Task item: Verbatim copy, images excluded: write out each record shown below.

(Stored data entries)
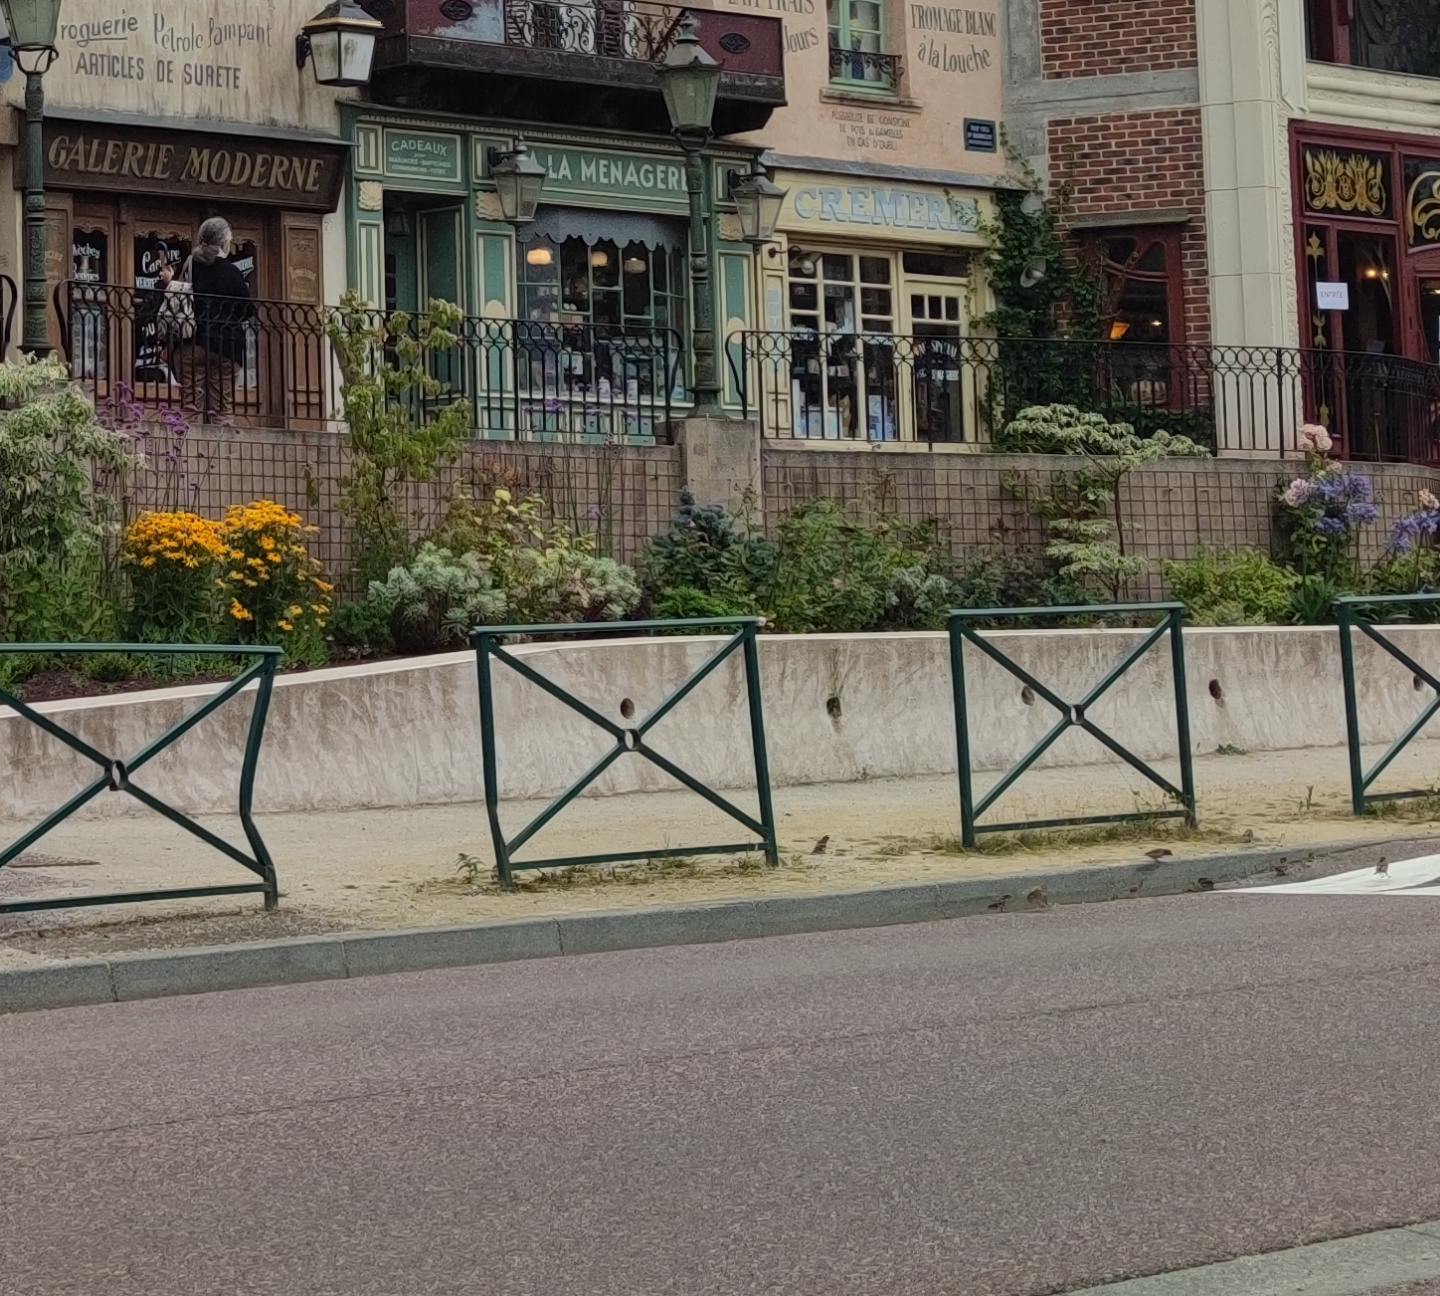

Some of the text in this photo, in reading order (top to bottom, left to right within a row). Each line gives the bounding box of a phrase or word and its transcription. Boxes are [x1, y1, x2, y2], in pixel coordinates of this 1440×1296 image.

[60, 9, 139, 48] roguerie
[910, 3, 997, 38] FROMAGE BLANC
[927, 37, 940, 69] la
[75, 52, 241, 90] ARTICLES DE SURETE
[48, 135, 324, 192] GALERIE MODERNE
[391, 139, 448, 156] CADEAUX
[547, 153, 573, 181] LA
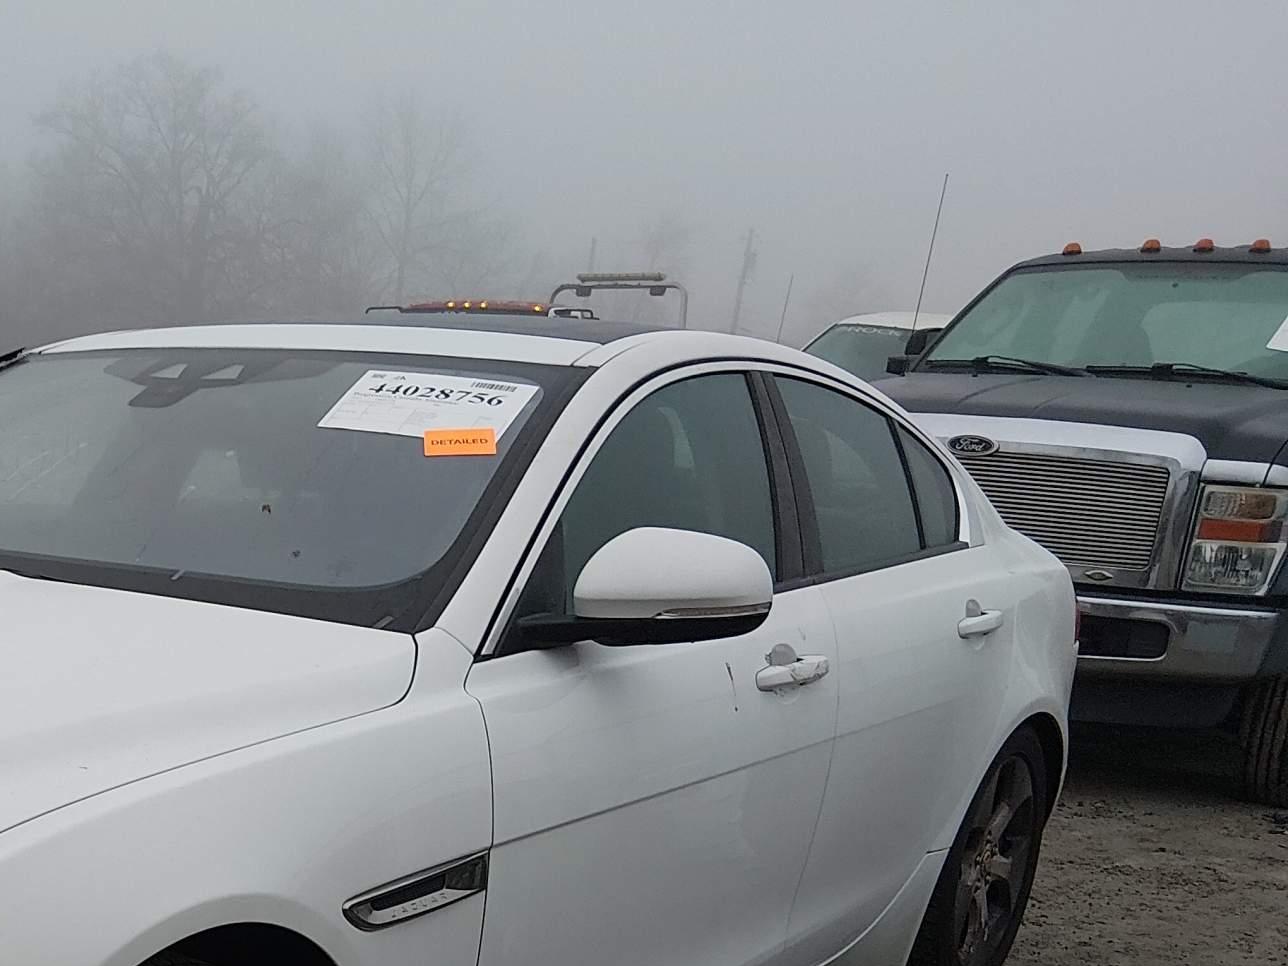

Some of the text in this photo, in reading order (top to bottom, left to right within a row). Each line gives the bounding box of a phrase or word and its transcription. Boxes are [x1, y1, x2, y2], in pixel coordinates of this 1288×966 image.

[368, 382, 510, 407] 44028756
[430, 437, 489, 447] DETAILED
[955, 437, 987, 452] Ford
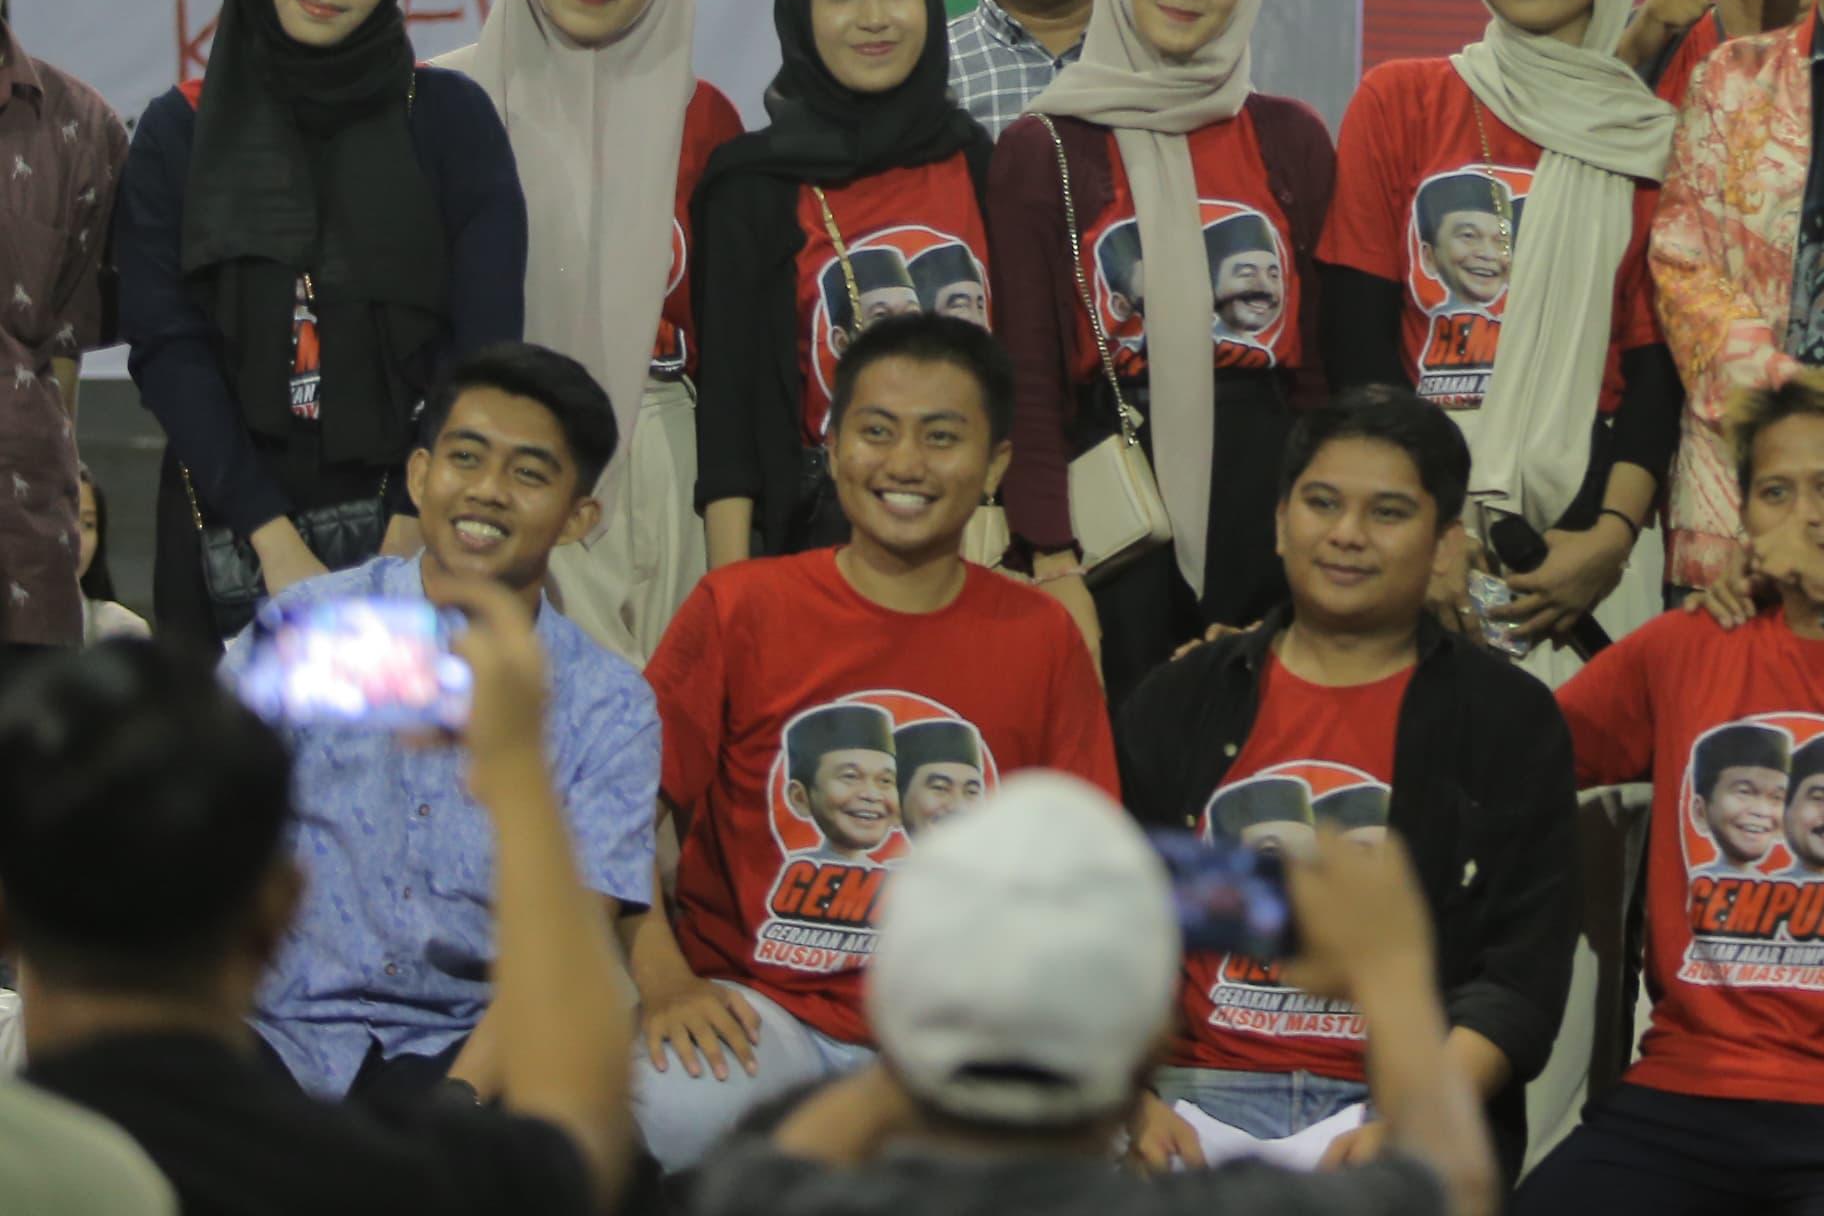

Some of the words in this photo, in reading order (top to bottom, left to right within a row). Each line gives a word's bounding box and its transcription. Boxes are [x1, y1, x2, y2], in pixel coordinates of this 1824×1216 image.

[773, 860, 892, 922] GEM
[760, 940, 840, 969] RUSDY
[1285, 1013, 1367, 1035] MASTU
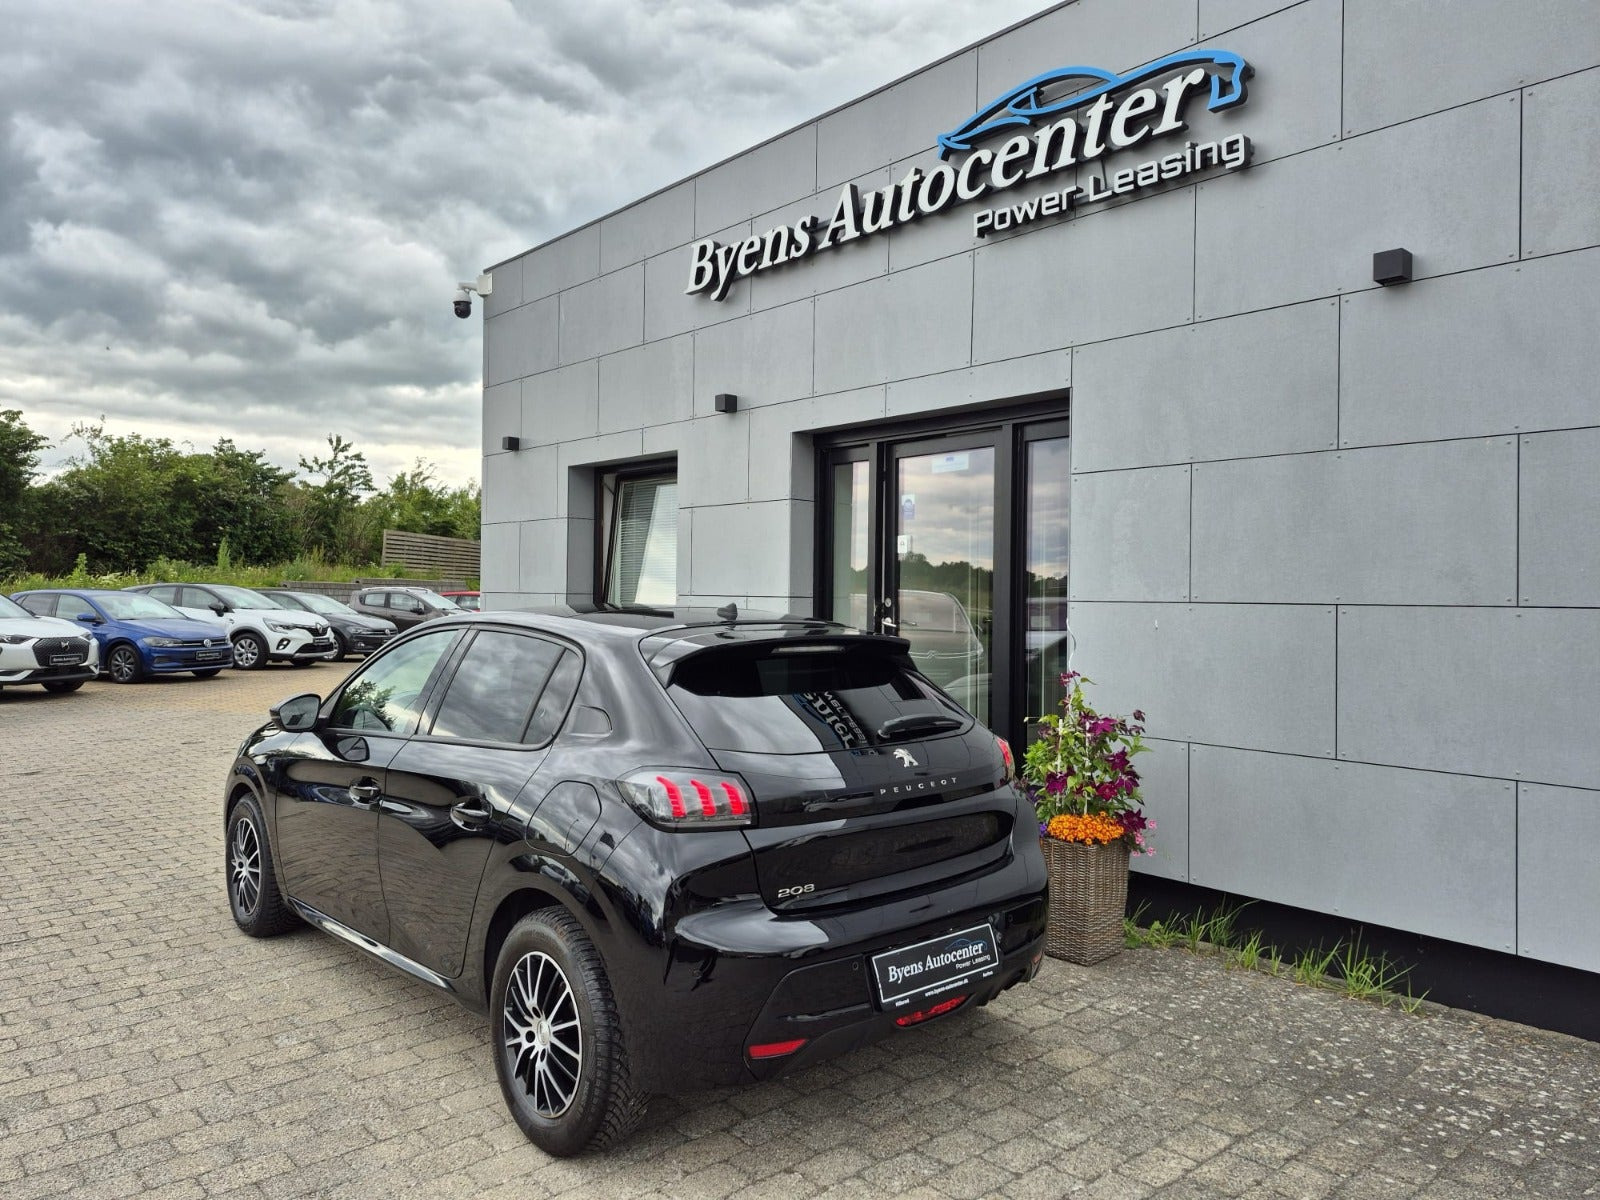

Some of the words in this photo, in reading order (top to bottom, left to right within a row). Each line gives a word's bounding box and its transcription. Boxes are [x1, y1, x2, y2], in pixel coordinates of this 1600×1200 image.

Solution for this problem:
Some of the text in this photo, in reading order (top to bottom, left to right within a row). Each line gives the bounding box of a phrase or word and its transcription. Boxes are [x1, y1, x2, y2], in pixel coordinates of this 1440×1296 image.

[60, 9, 139, 48] roguerie
[910, 3, 997, 38] FROMAGE BLANC
[927, 37, 940, 69] la
[75, 52, 241, 90] ARTICLES DE SURETE
[48, 135, 324, 192] GALERIE MODERNE
[391, 139, 448, 156] CADEAUX
[547, 153, 573, 181] LA

Some of the text in this photo, in reading order (top to bottom, left to right within a row). Each line gives the bounding box of a phrase or word and its transcription. Boxes are [x1, y1, x2, y2], in pixel coordinates of this 1288×966 image.

[368, 382, 510, 407] 44028756
[430, 437, 489, 447] DETAILED
[955, 437, 987, 452] Ford

Some of the words in this photo, in reading order (top to bottom, left to right within a row). Each line gives a word's bounding box and its transcription. Boxes are [x1, y1, x2, y2], in pixel coordinates of this 1824×1216 image.

[773, 860, 892, 922] GEM
[760, 940, 840, 969] RUSDY
[1285, 1013, 1367, 1035] MASTU

Some of the words in this photo, in reading order (top to bottom, left to right within a row). Each line gives a word's bounding box and its transcription. Boxes are [x1, y1, x2, y2], in pixel coordinates of this 1600×1200 image.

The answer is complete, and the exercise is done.